The reply is to be an exact repetition of the entries that follow, with each picture left out.

Data shown:
====

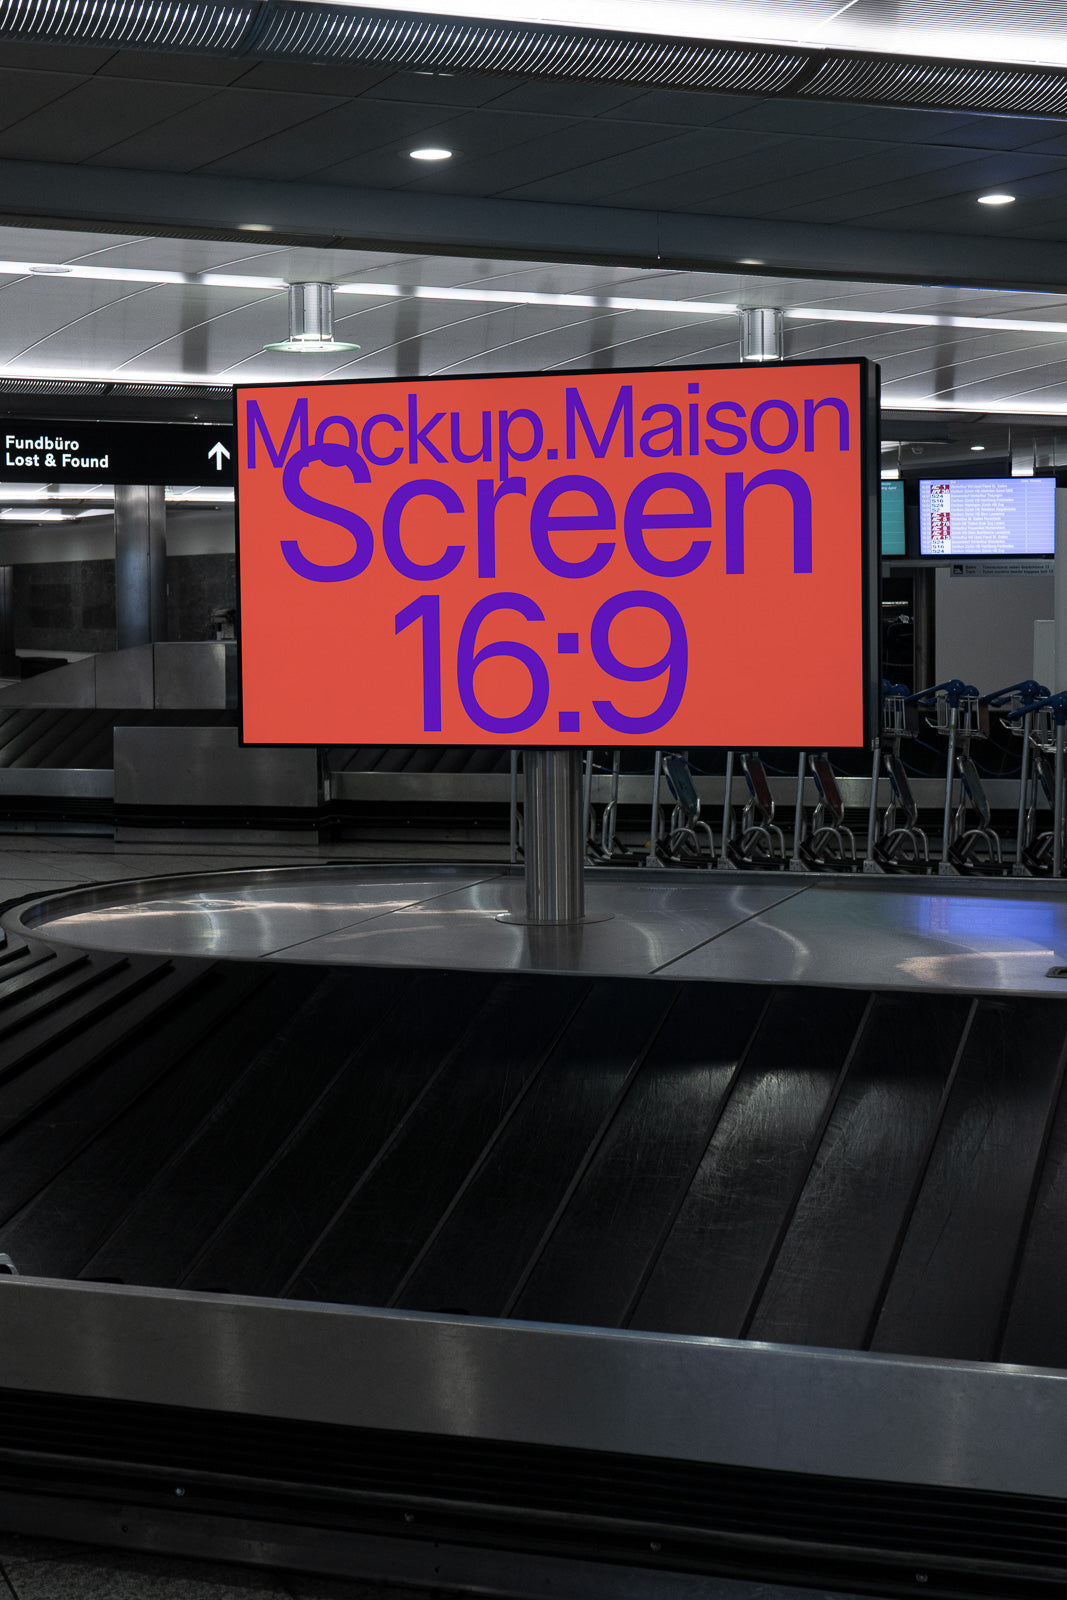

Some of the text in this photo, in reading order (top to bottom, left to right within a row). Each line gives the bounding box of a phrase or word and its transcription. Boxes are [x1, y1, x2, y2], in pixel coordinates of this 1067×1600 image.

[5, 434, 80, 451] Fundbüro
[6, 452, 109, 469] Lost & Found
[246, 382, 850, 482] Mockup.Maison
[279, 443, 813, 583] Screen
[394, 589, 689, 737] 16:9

====

Result for this exercise:
Some of the text in this photo, in reading order (top to bottom, left to right within a row). Each line gives the bounding box of a phrase or word and its transcription. Boxes are [x1, y1, x2, y2], in pixel coordinates of this 1067×1600 image.

[5, 434, 80, 451] Fundbüro
[6, 452, 109, 469] Lost & Found
[246, 382, 850, 482] Mockup.Maison
[279, 443, 813, 583] Screen
[394, 589, 689, 737] 16:9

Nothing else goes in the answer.